Resolver esses conflitos melhorará o ambiente de negócios, promovendo transparência, competição justa, segurança jurídica e estabilidade para investimentos e expansão das redes de distribuição e telecomunicações.
A decisão da Aneel, de extinguir a aprovação da resolução conjunta já aprovada pela Anatel, foi baseada na interpretação de que o Decreto nº 12.068/24, que obriga concessionárias de energia a ceder espaço em infraestrutura para compartilhamento com prestadoras de telecomunicações, constituiu um novo fato que exigia reabertura do processo de análise.
Ainda segundo a Aneel, a nova obrigação de cessão para outra pessoa jurídica dos espaços destinados ao compartilhamento não necessariamente implicaria na obrigatoriedade também da cessão da atividade de exploração da infraestrutura de distribuição.

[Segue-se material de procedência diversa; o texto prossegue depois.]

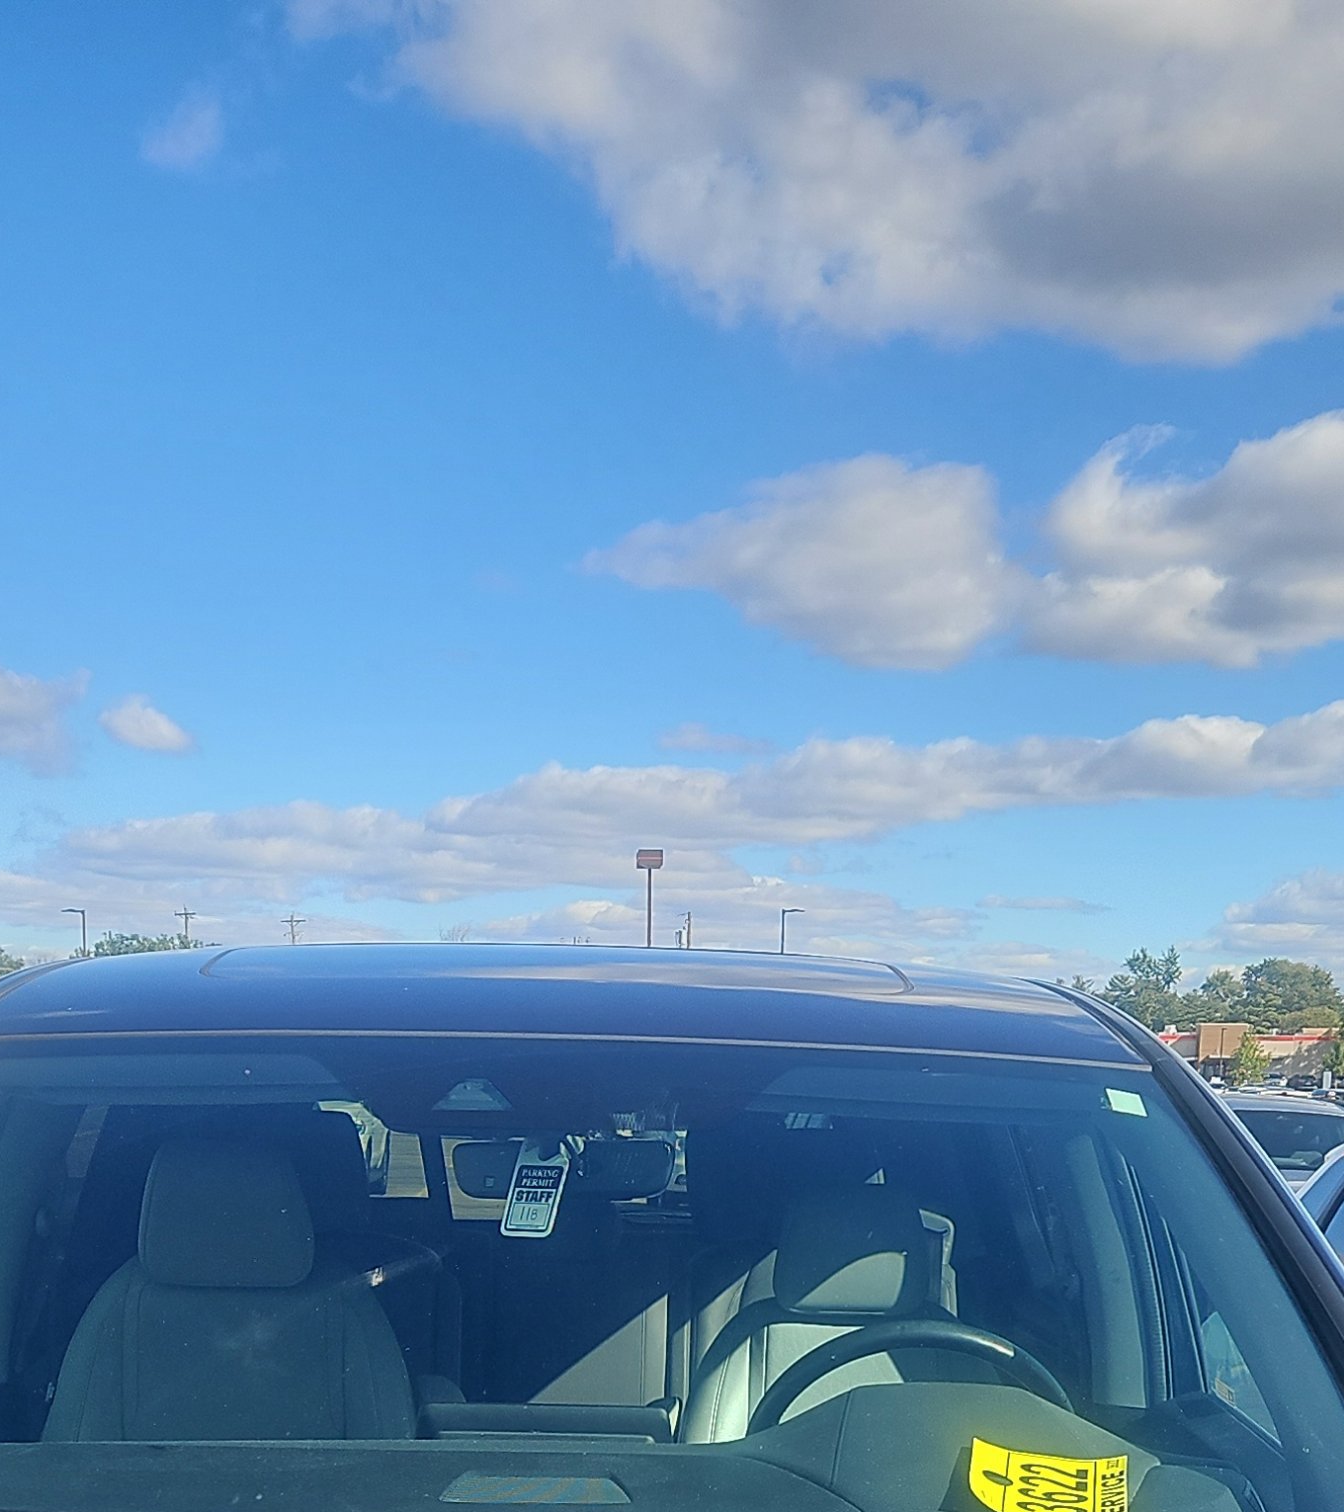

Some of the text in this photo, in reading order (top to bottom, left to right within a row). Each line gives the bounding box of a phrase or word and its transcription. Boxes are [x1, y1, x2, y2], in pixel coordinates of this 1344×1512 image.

[521, 1168, 559, 1178] PARKING
[521, 1178, 555, 1187] PERMIT
[515, 1189, 554, 1203] STAFF

A deliberação de encerramento gerou reação negativa da Anatel, que manifestou de forma direta seu descontentamento, afirmando que a decisão traz “terríveis consequências sociais e retarda o desfecho de um problema que precisa ser resolvido o mais rapidamente possível”.
A reabertura das discussões sobre a resolução conjunta surpreendeu, pois a proposta aprovada pela Anatel após consulta pública não conflita com o Decreto nº 12.068/24, inclusive no que se refere à operação e exploração por terceiros de espaços na infraestrutura de distribuição de energia.
A gestão centralizada por uma entidade exploradora parece ser uma solução interessante para garantir a neutralidade do compartilhamento, regularizar a rede, melhorar as condições de acesso e uso da infraestrutura e adoção de preços justos.
Estamos diante de uma oportunidade para promover a modernização da regulamentação de compartilhamento de postes e pontos de fixação, resolvendo um imbróglio que persiste há muito tempo e cuja solução permitirá a expansão do acesso pelos consumidores a serviços de telefonia, em especial de conectividade em alta velocidade.
Uma pena este retrocesso e retardamento no alinhamento entre as agências reguladoras.
É fundamental que Anatel e Aneel consigam chegar a bom termo.